Sunday, March 27, 2022

The This

The This by Adam Roberts (2022 Gollancz hardcover 296pp)

 


This recent novel by Adam Roberts is said to be his attempt to bring alive the philosophical thinking of Hegel – as I have limited knowledge of such things that angle pretty much right over my head and whooshed past.

After a sort of experimental opening chapter set in the “Bardo” where an individual seems to have to relive all other human lifetimes, the book settles down to two main story threads to, the first concerns a young man called Rich in a near future London (2026 I think). Rich lives a life of isolation, making money as a freelance writer taking jobs via an app. He has lost many of his friends to a new social media network known as TheThis. Signing up with TheThis involves a surgical procedure where an implant is placed in the roof of your mouth and eventually links up with your brain. Its defenders explain it as “just hands-free Twitter” but it’s becoming clear that it’s more of a dangerous cult. Rich accepts a job to interview and write about an executive at TheThis and from then on, he’s pursued by them, hounded to become a member. Former friends and attractive women come out of the woodwork all trying to get him to join up. He is approached by others opposed to the apparent cult and soon finds himself enlisted as a ‘Trojan Horse’ against them.

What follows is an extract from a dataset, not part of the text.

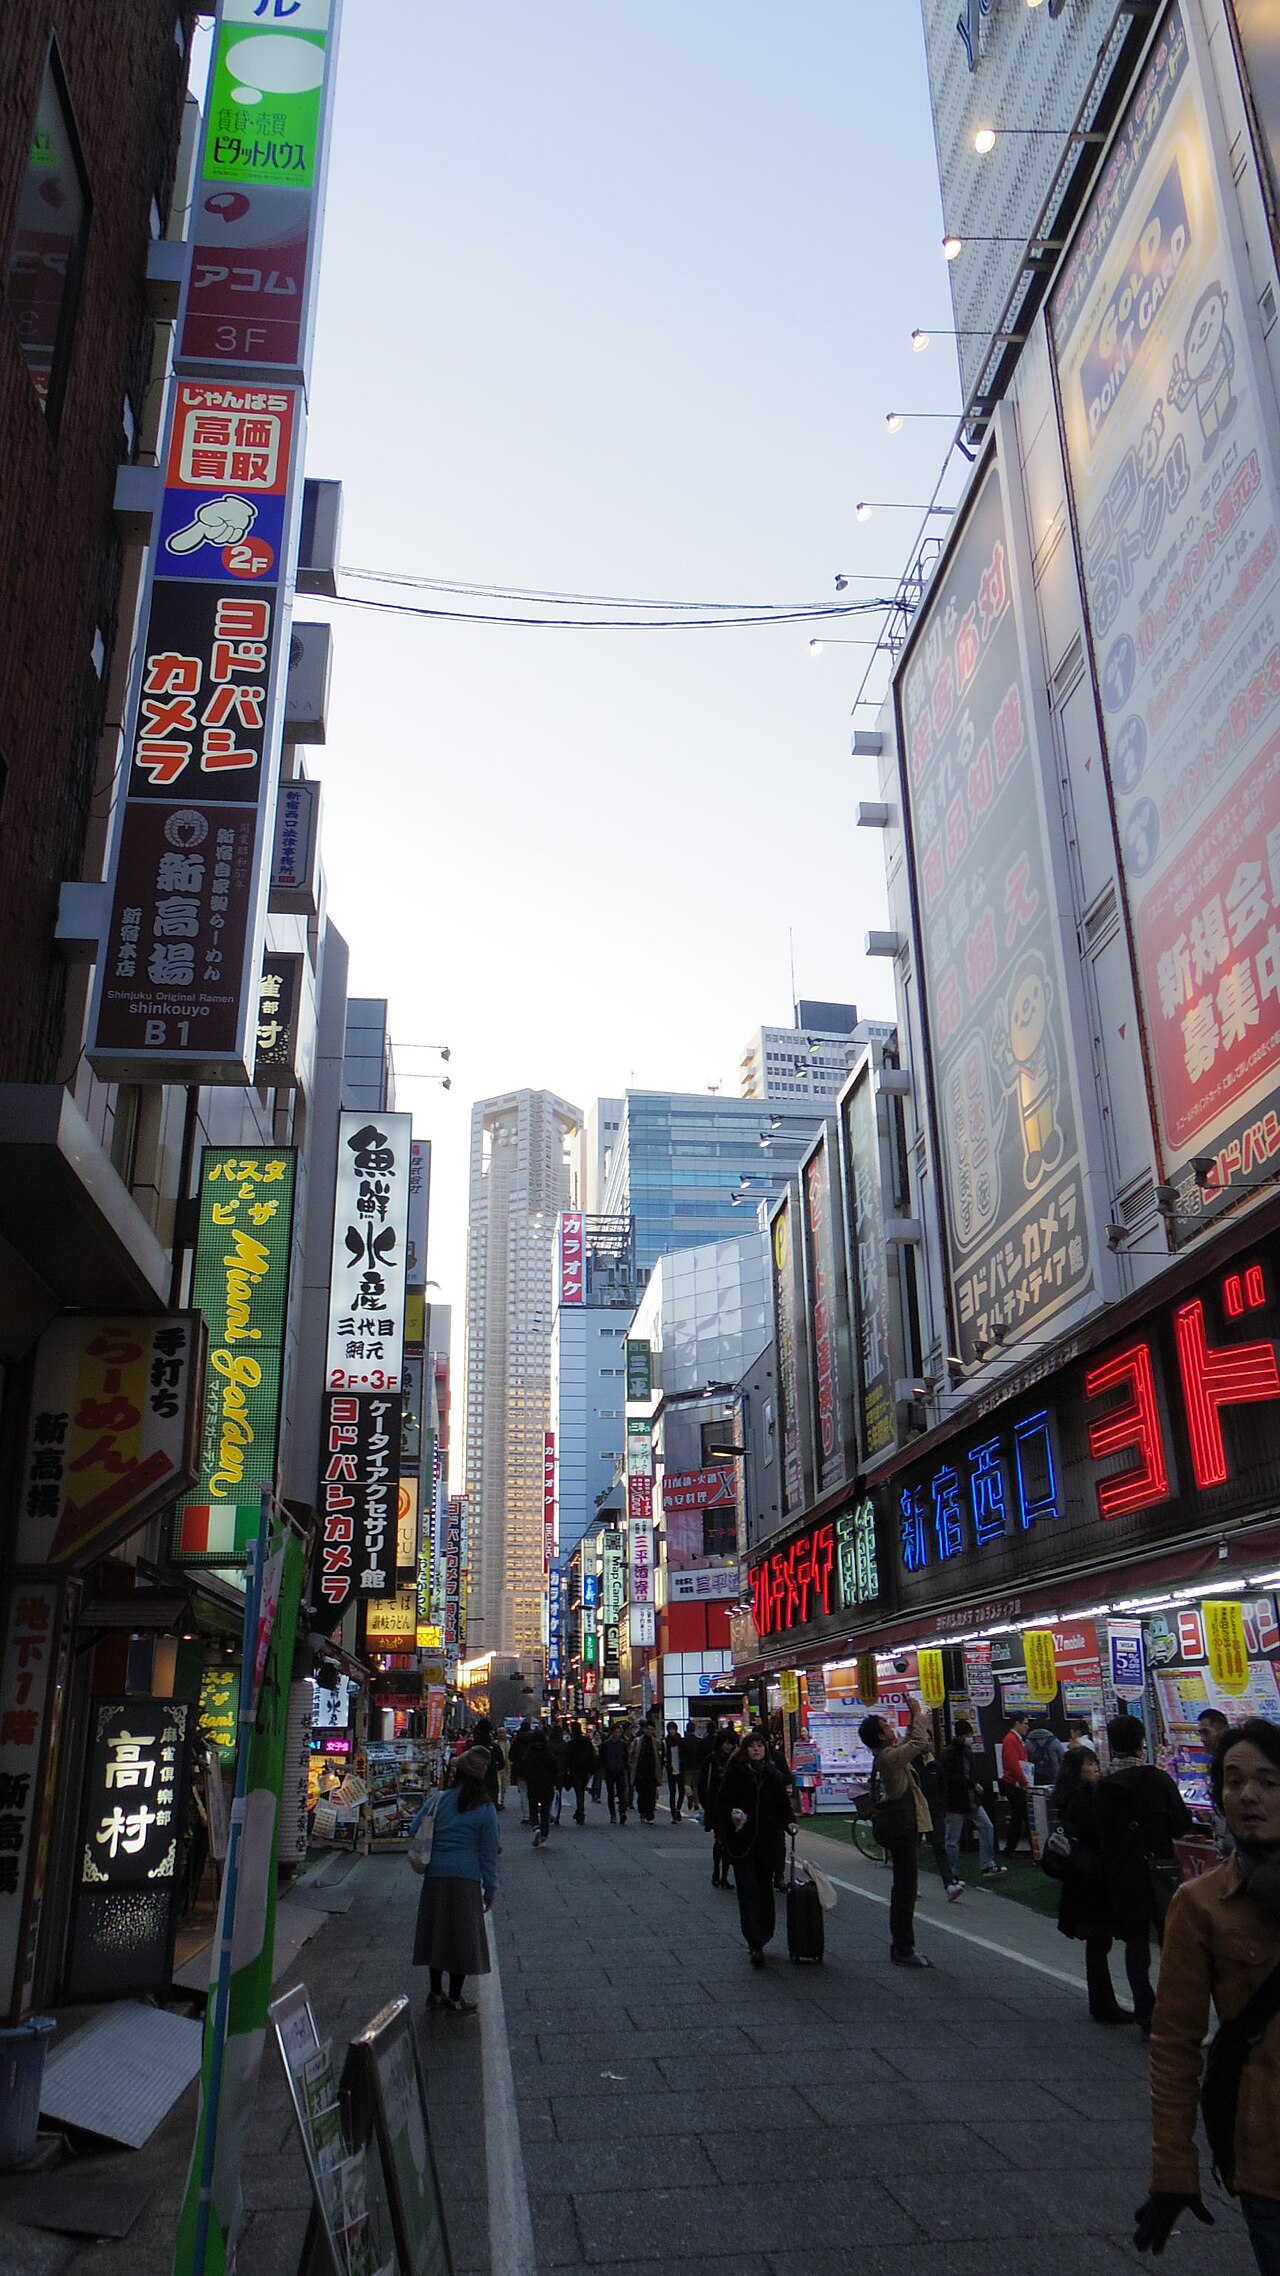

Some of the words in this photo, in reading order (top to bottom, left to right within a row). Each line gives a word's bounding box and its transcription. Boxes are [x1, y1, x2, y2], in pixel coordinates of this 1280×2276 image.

The second thread is set decades further into the future. TheThis has turned into a dangerous hive-mind entity and is in open conflict with normal mankind. We are introduced to another young man called Adan. In his world, people have intense relationships with their “Phenes” a cross between a smart phone and a sex-robot. Adan’s Phene experiences a mysterious glitch and it’s used by a stranger to contact him and leave him a cryptic message. Soon Adan falls on hard times and joins the Army to survive. After training he’s sent on dangerous missions against the hive-mind's robot hordes. On one such mission he discovers he may have the key to halting the enemy forces. But can he stop thinking about his Phene long enough save mankind?

There’s also a random George Orwell 1984 pastiche chapter which is interesting but seems a little out of place here.

Even without the philosophy framework this is an interesting novel. I was a little disappointed that we didn’t spend more time with Rich and his pre–Trojan Horse life, I identified more with that character than anyone else in the book. Things are left a little up in the air and I felt some frustration that the ‘good-guys’ didn’t always win but that perhaps is just like real life.